Watch Now: Tiki and Tierney: The XFL would not have had a long shelf life anyway (2:08)

Two months after the revived XFL abruptly suspended and then cancelled its inaugural season due to the COVID-19 pandemic, the now-bankrupt spring football league may have found new life. According to The Athletic's Daniel Kaplan, the XFL's investment bank is currently in "active discussions" with dozens of potential purchasers who want to fund and restart the league for a 2021 season.

In mid-April, days after laying off nearly its entire staff, the XFL filed for bankruptcy. Owner/founder Vince McMahon said then that he would not try to buy back the league, and he's reiterated that stance in an attempt to refute accusations he used bankruptcy as a tool to purchase the XFL for "pennies on the dollar." With McMahon out of the picture, however, "there is a robust market" for the league, Kaplan reported, not only to fill a spring 2021 schedule but prevent any competitors from seizing on an opportunity to supplement the NFL with additional professional football.

Twenty different bidders, to be exact, have executed non-disclosure agreements to negotiate with Houlihan Lokey, the XFL's global investment bank, according to Kaplan. Six more are in the process of doing so. And all indications are that all potential purchasers intend to try to bring the XFL back onto the turf -- and TV -- by the spring.

"In fact, I understand the Debtor has modeled for 2021 a made-for-TV, 12-week tournament-style approach to its business," Houlihan managing partner William Hardie told Kaplan, "since the XFL is particularly well suited for a crowd-free experience that could thrive in the current environment, given its existing innovations such as in-game audio from players and coaches and live on-screen sports wagering information."
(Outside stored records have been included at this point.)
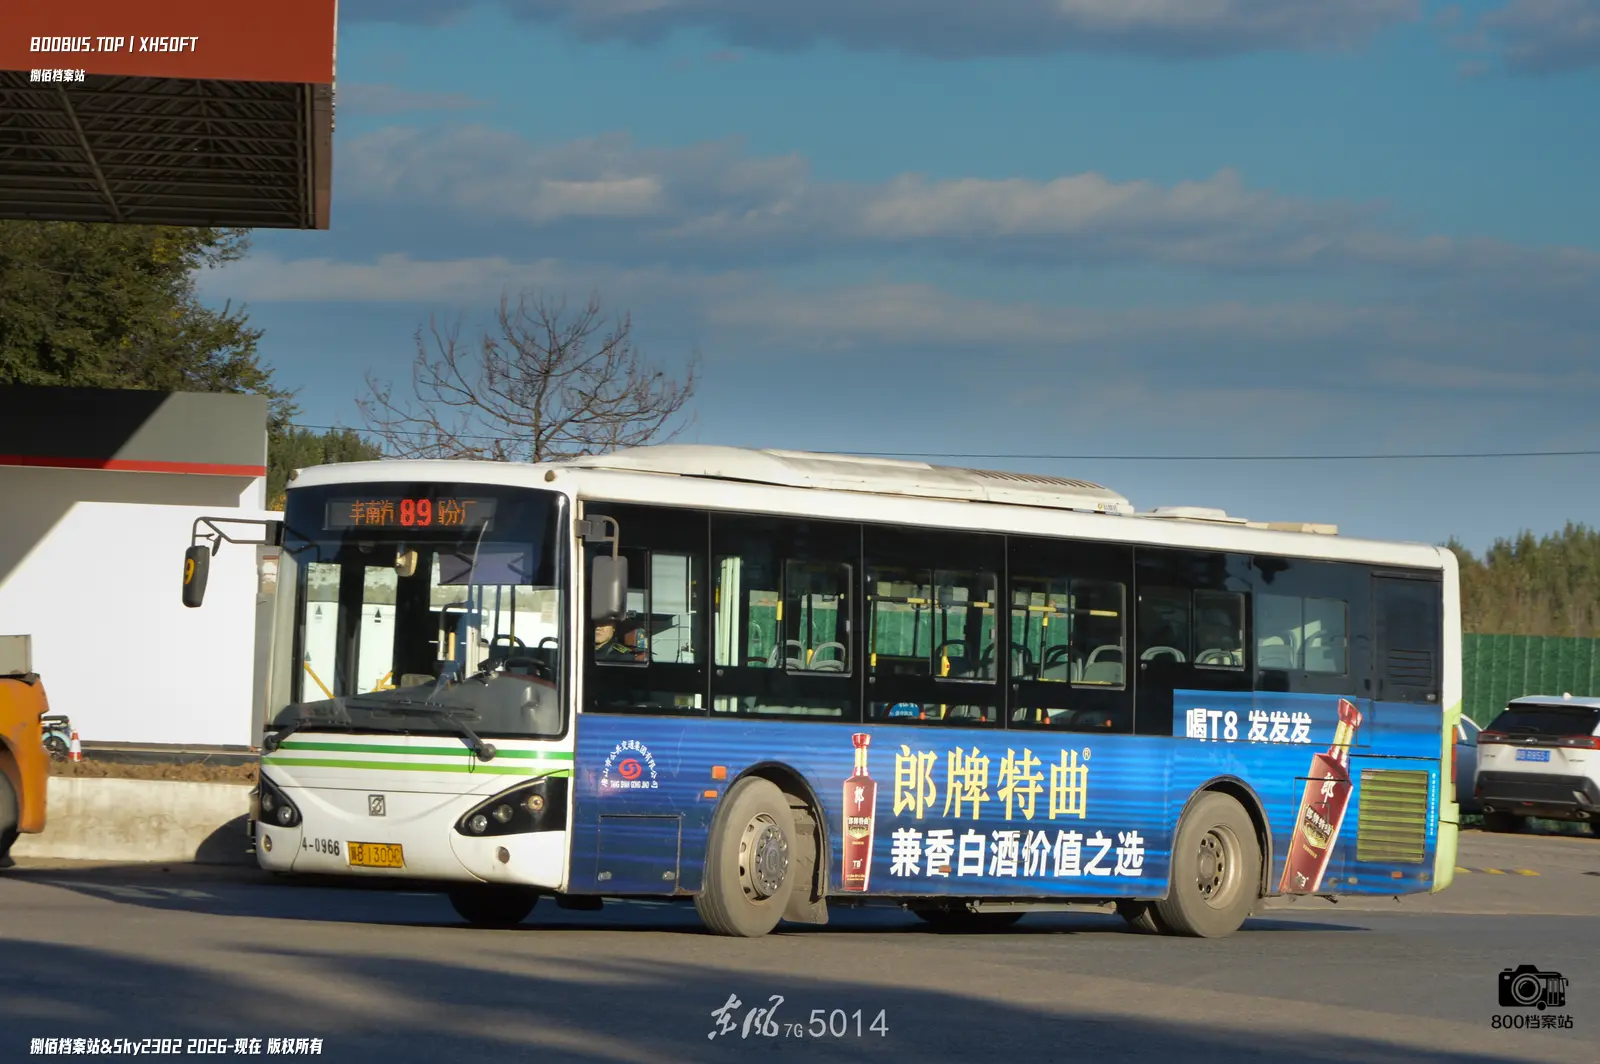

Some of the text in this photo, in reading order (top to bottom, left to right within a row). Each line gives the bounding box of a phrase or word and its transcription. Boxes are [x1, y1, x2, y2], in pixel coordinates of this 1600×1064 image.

[400, 498, 432, 526] 89
[1186, 708, 1312, 743] 喝T8 发发发
[301, 836, 341, 857] 4-0966
[889, 827, 1146, 878] 兼香白酒价值之选
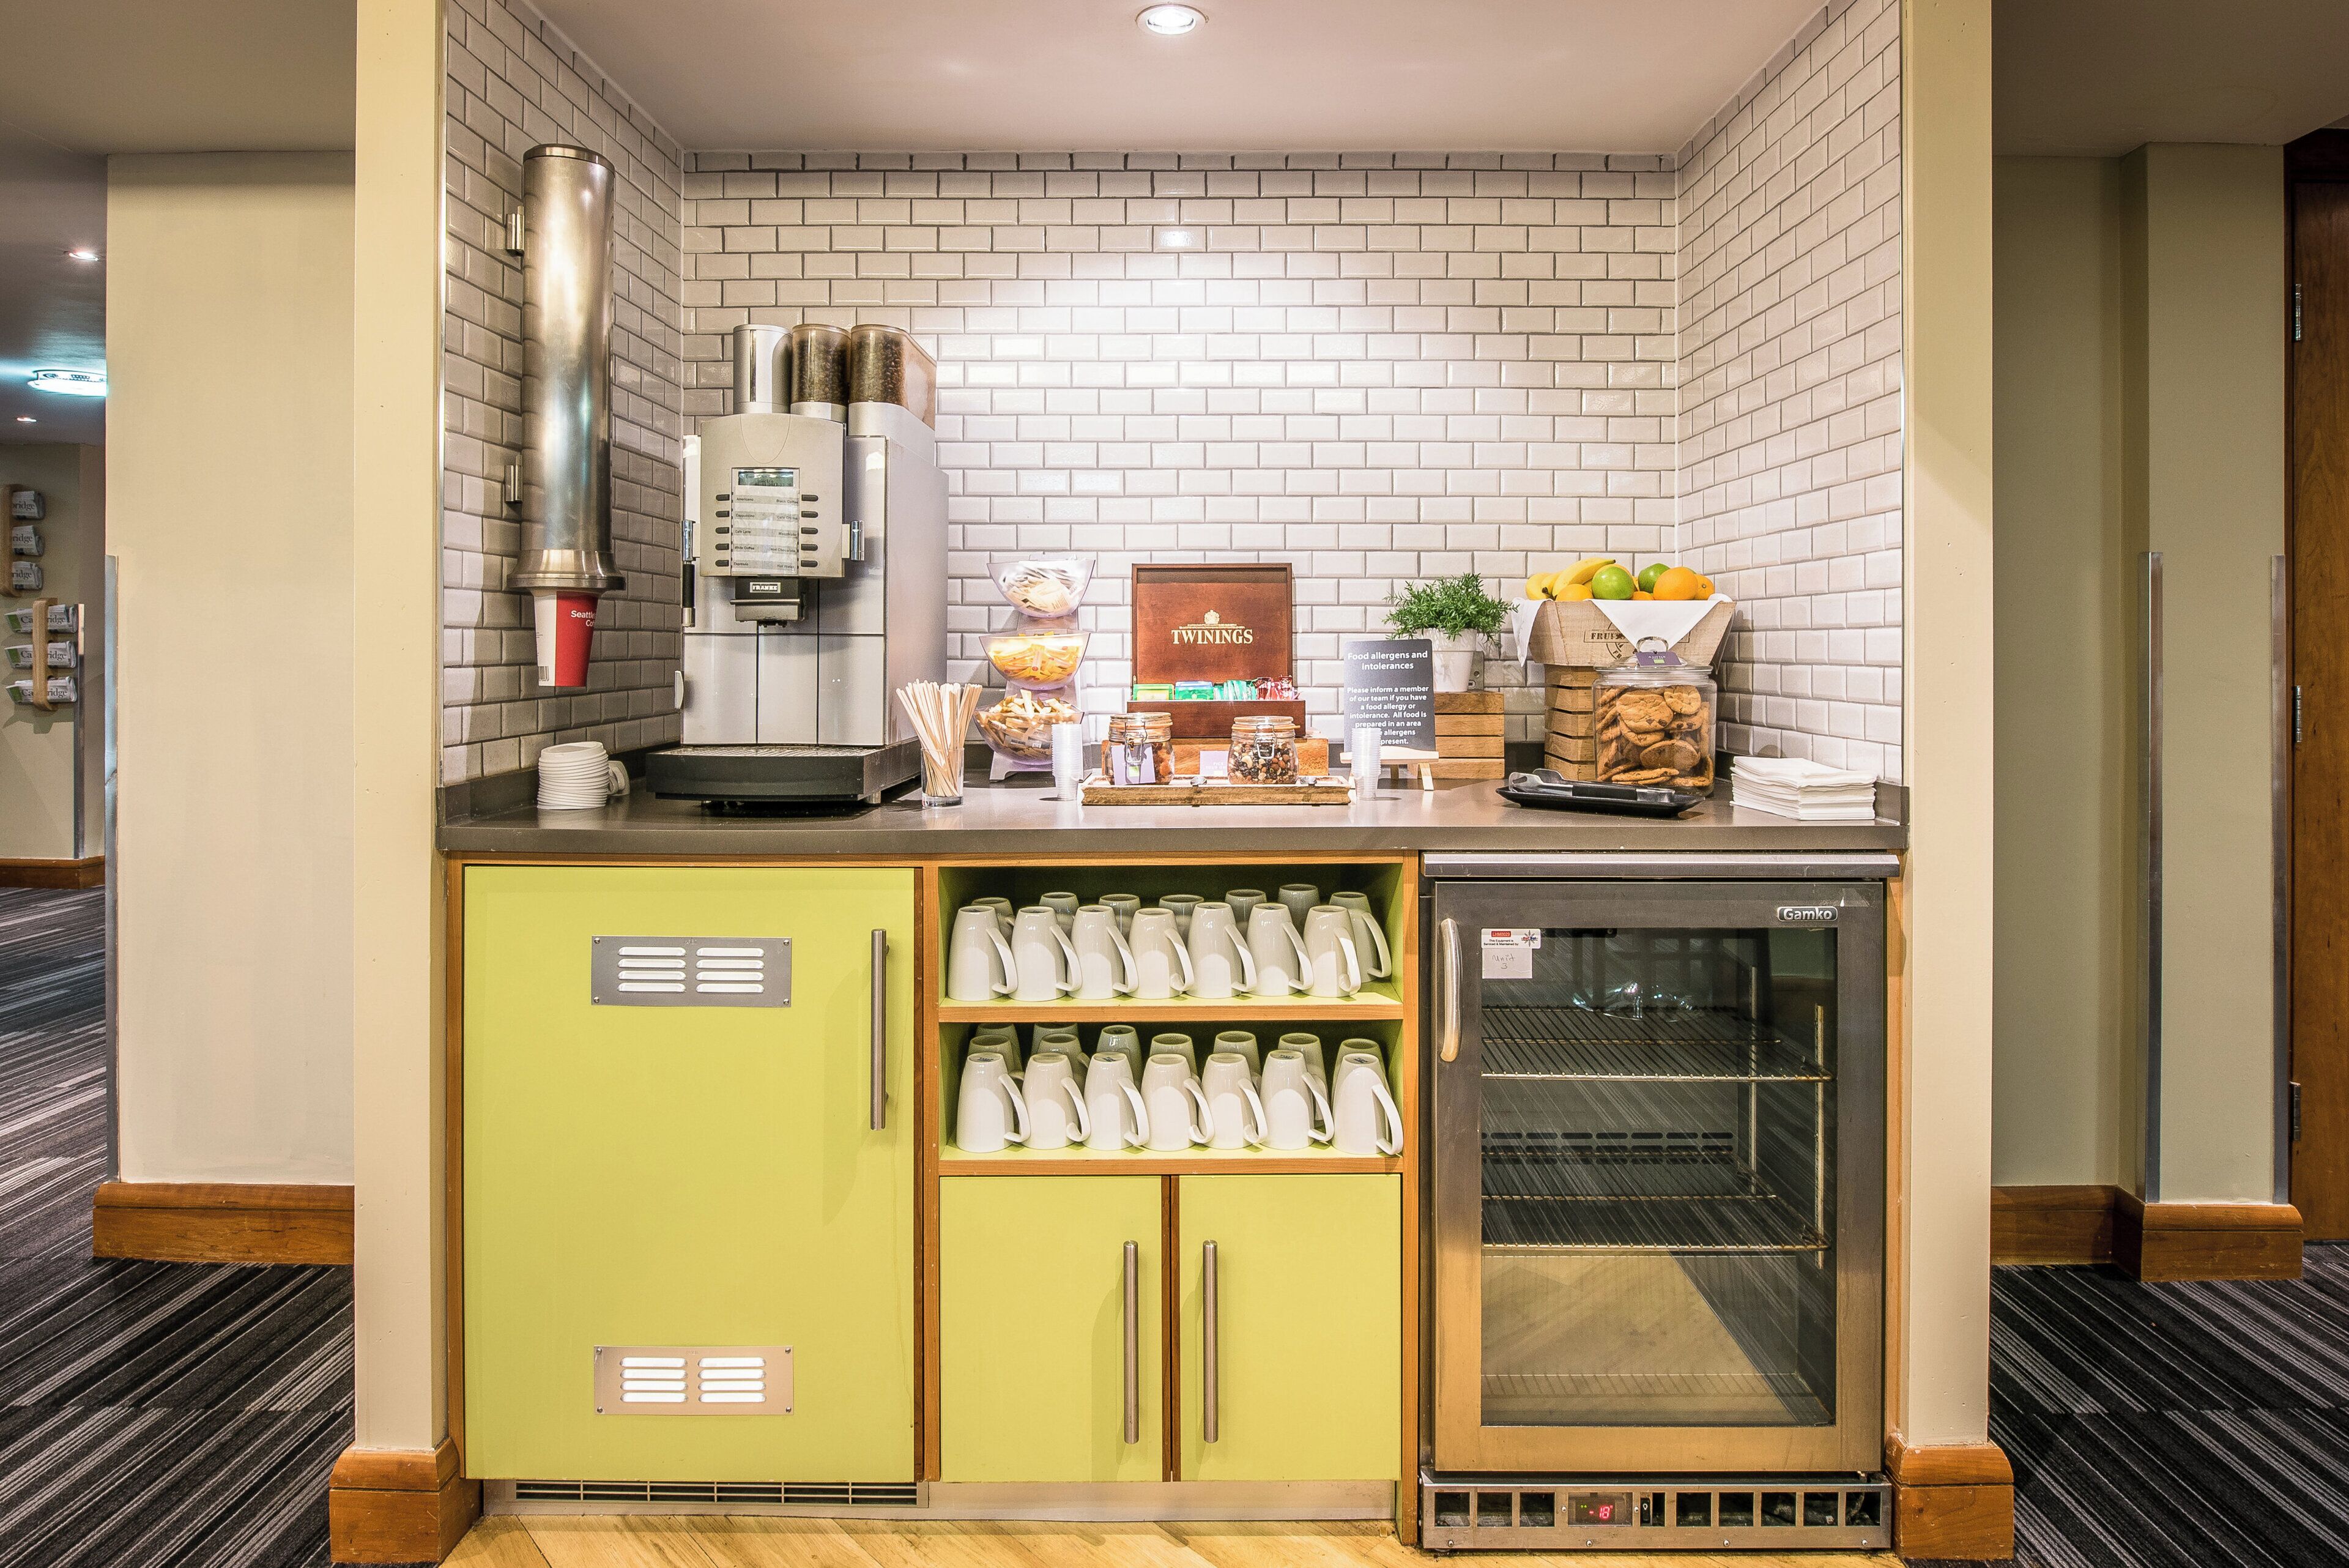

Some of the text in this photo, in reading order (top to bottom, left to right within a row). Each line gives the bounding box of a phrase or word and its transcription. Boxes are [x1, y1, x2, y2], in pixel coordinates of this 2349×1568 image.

[12, 533, 32, 544] ridge
[12, 570, 32, 580] ridge
[21, 615, 65, 624] Caridge
[1171, 629, 1253, 644] TWININGS
[21, 651, 67, 660] Caridge
[1371, 652, 1410, 661] allergens
[1411, 650, 1428, 659] and
[22, 689, 68, 699] Caridge
[1783, 907, 1833, 920] Gamko
The sales process could run all the way through mid-September, per Kaplan. It's unclear just how much could change about the league in the event of a sale. League commissioner Oliver Luck, who was among the countless layoffs during the XFL's shutdown, recently sued McMahon for wrongful termination after netting a reported $20 million contract to head the league. XFL president Jeffrey Pollack, meanwhile, has reportedly reached out to multiple venues from the league's 2020 season about reinstating stadium licenses.